FrontPage has 3 modes - Normal, HTML, and Preview - which you can select by clicking on the appropriate tab. The default mode, Normal, lets you edit a web page in a nearly WYSIWYG form. HTML mode lets you edit much of the actual HTML code directly (though Frontpage protects certain code against editing and changes some code when you save the file). Preview mode shows you what the page will look like in the browser somewhat better than Normal mode. In addition, a "Preview in Browser" option allows you to view the page in your choice of browser.
If you examine a new page in HTML mode, its contents look fairly basic. FrontPage does insert three meta tags, the last of which specifies the character set used, and a title element, but there is not even a !doctype tag at the beginning. The code can rapidly start getting more complex, however, once you begin adding special features to your page.
You can use the "Page Properties" dialog (accessible by right clicking in Normal mode or, oddly, via the "Background..." item in the "Format" menu) to set various general properties of the page, including title, background color, and meta tags.
You can access a lot of the formatting options in the same way you would in a word processing package like Microsoft Word. For example, you can choose different styles, such as various levels of heading, from a drop-down list in the formatting toolbar; and you can switch to bold and italics with Control-B and Control-I. The huge selection of fonts available is a bit misleading, however, since a font will display correctly only on a computer on which it has been installed. On the other hand, you will notice that the sizes are limited to accord with the restricted set available in HTML.
The formatting toolbar also contains buttons for setting up simple, single-level lists.
Paragraph tags are inserted automatically; you can insert a <b> tag using the "Insert" menu. The "Insert" menu also allows you to insert a wide variety of special characters and symbols, which FrontPage will translate automatically into character entity references if necessary. Unfortunately, you cannot immediately tell whether various browsers will be able to display the correct characters.
You can insert an image from the clip art collection, from a file, or directly from a scanner. When you save your HTML file after inserting an image, FrontPage will prompt you for how you want to save the local copy of the image (unless the image is already in the same directory). At this point, you have the option of renaming the image file, for example.
You can also use the "Insert" menu to insert a new hypertext link or modify an existing link, in both cases using the "Hyperlink..." item; or you can use the shortcut Control-K or the button on the toolbar.

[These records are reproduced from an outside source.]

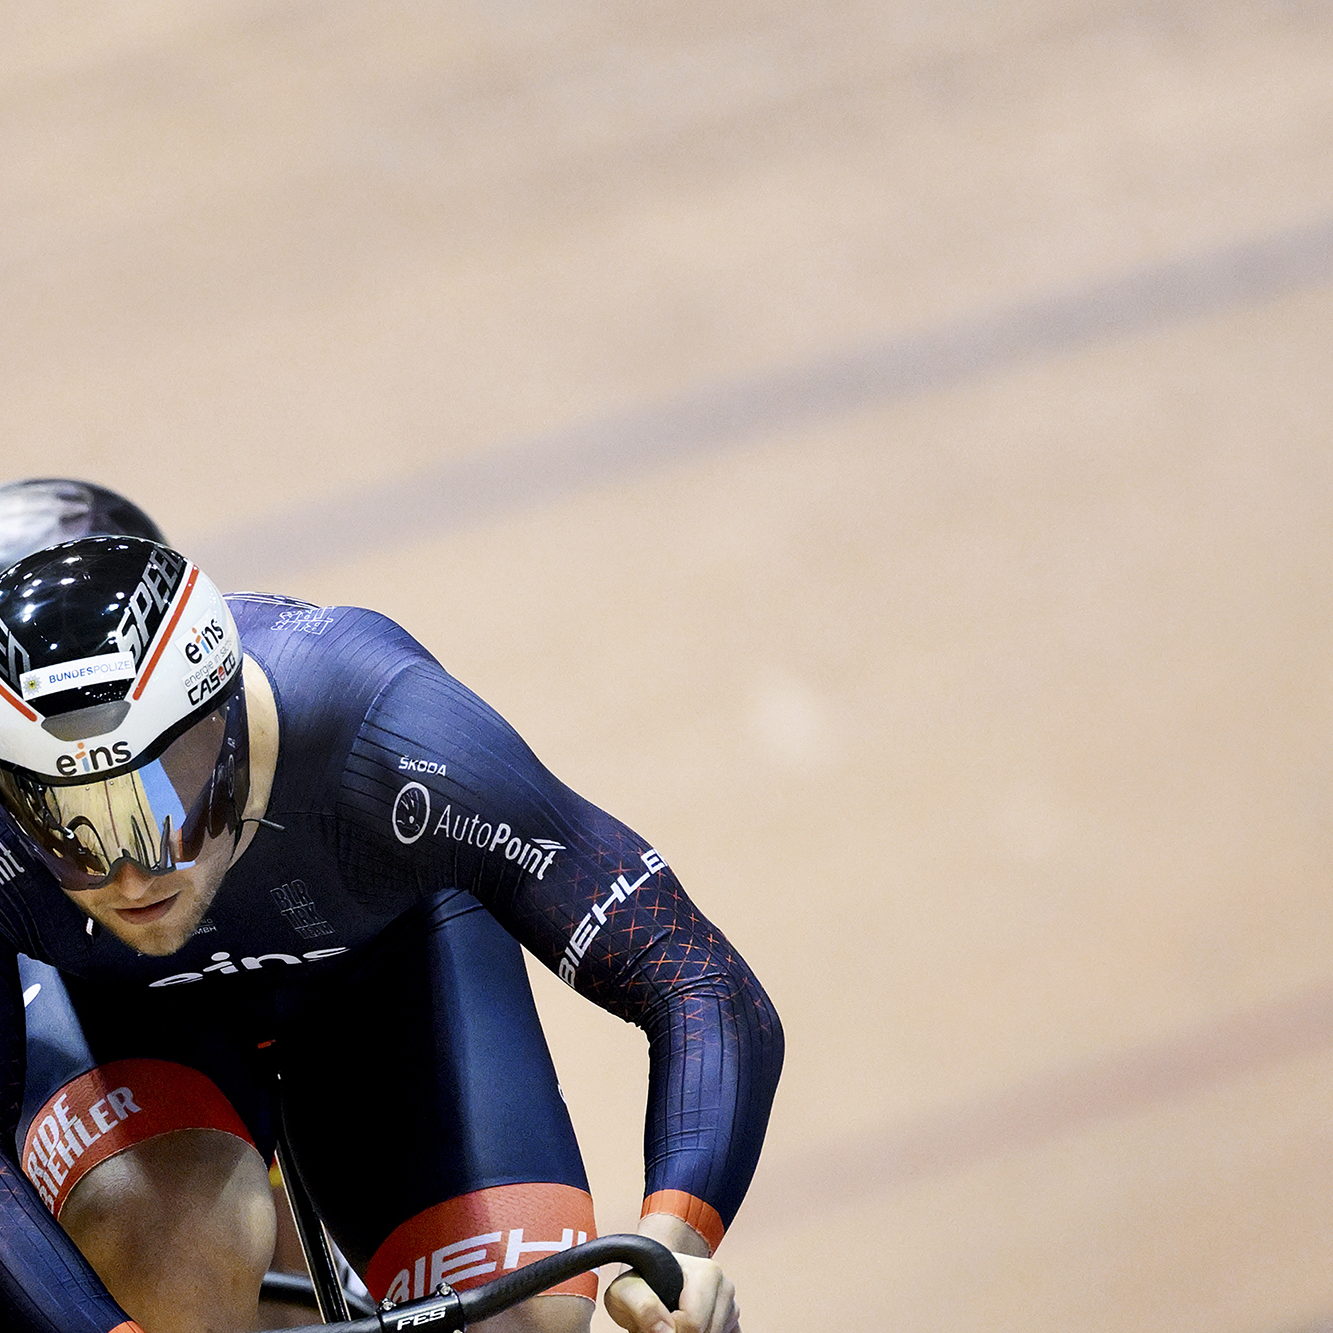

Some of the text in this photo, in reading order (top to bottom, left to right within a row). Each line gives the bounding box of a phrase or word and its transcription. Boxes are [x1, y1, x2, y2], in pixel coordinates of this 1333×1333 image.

[185, 618, 225, 664] eins
[49, 659, 134, 685] BUNDESPOLIZEI
[184, 658, 214, 688] energie
[55, 741, 132, 777] eins
[398, 756, 447, 777] ŠKODA
[433, 804, 559, 881] AutoPoint
[559, 848, 669, 989] BIEHLE
[27, 1093, 79, 1189] RIDE
[397, 1306, 447, 1331] FES
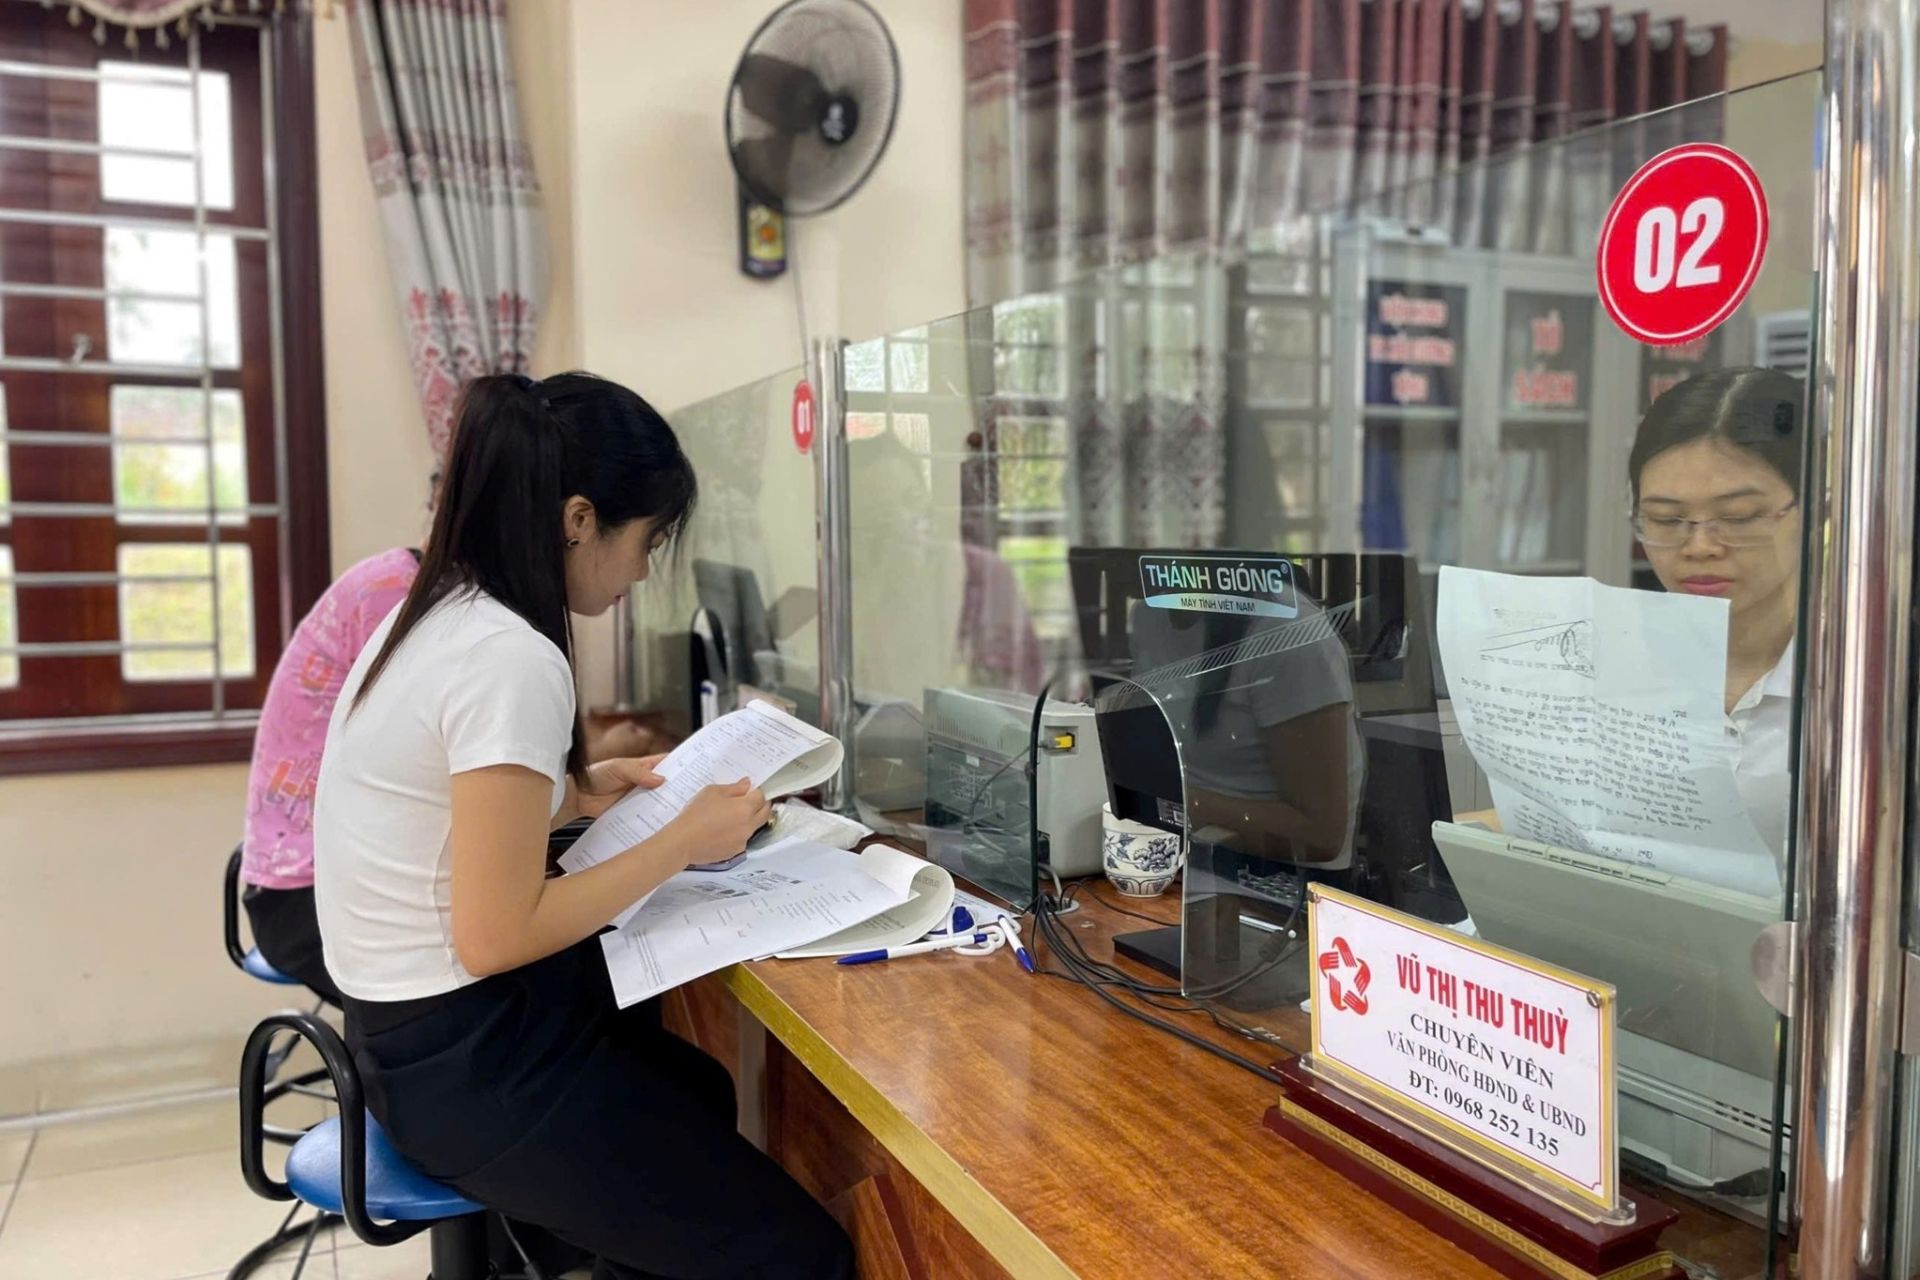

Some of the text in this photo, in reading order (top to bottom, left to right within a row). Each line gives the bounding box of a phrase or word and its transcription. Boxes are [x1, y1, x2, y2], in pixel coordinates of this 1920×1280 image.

[1633, 196, 1725, 294] 02
[797, 398, 811, 434] 01
[1145, 560, 1212, 590] THÁNH
[1180, 596, 1197, 608] MÁY
[1199, 596, 1217, 610] TÍNH
[1236, 601, 1257, 613] NAM
[1396, 953, 1569, 1056] VŨ THỊ THU THUỲ
[1387, 1030, 1587, 1138] VĂN PHÒNG HĐND & UBND
[1410, 1013, 1554, 1091] CHUYÊN VIÊN
[1409, 1069, 1560, 1157] ĐT: 0968 252 135

Using "Theme" from the "Format" menu, you can select a graphic theme to apply to your page. The only change that you will see in HTML mode is the addition of another meta tag; but, in Preview or Normal mode, you will see that the page has an image tiled in the background and that various images are used for bullets and horizontal rules. If you just copied the HTML code into another file and saved it, you would not see these results in a browser. When FrontPage saves the file, however, it makes a number of changes to the HTML code that you see in HTML mode and also prompts you for how to save the graphics that go with the theme in your local directory. You can see what has happened to the HTML code by previewing in the browser and then viewing the source.
You can get rid of all the changes introduced into the HTML file by opening it in FrontPage, setting the theme to "(No Theme)", and saving it again.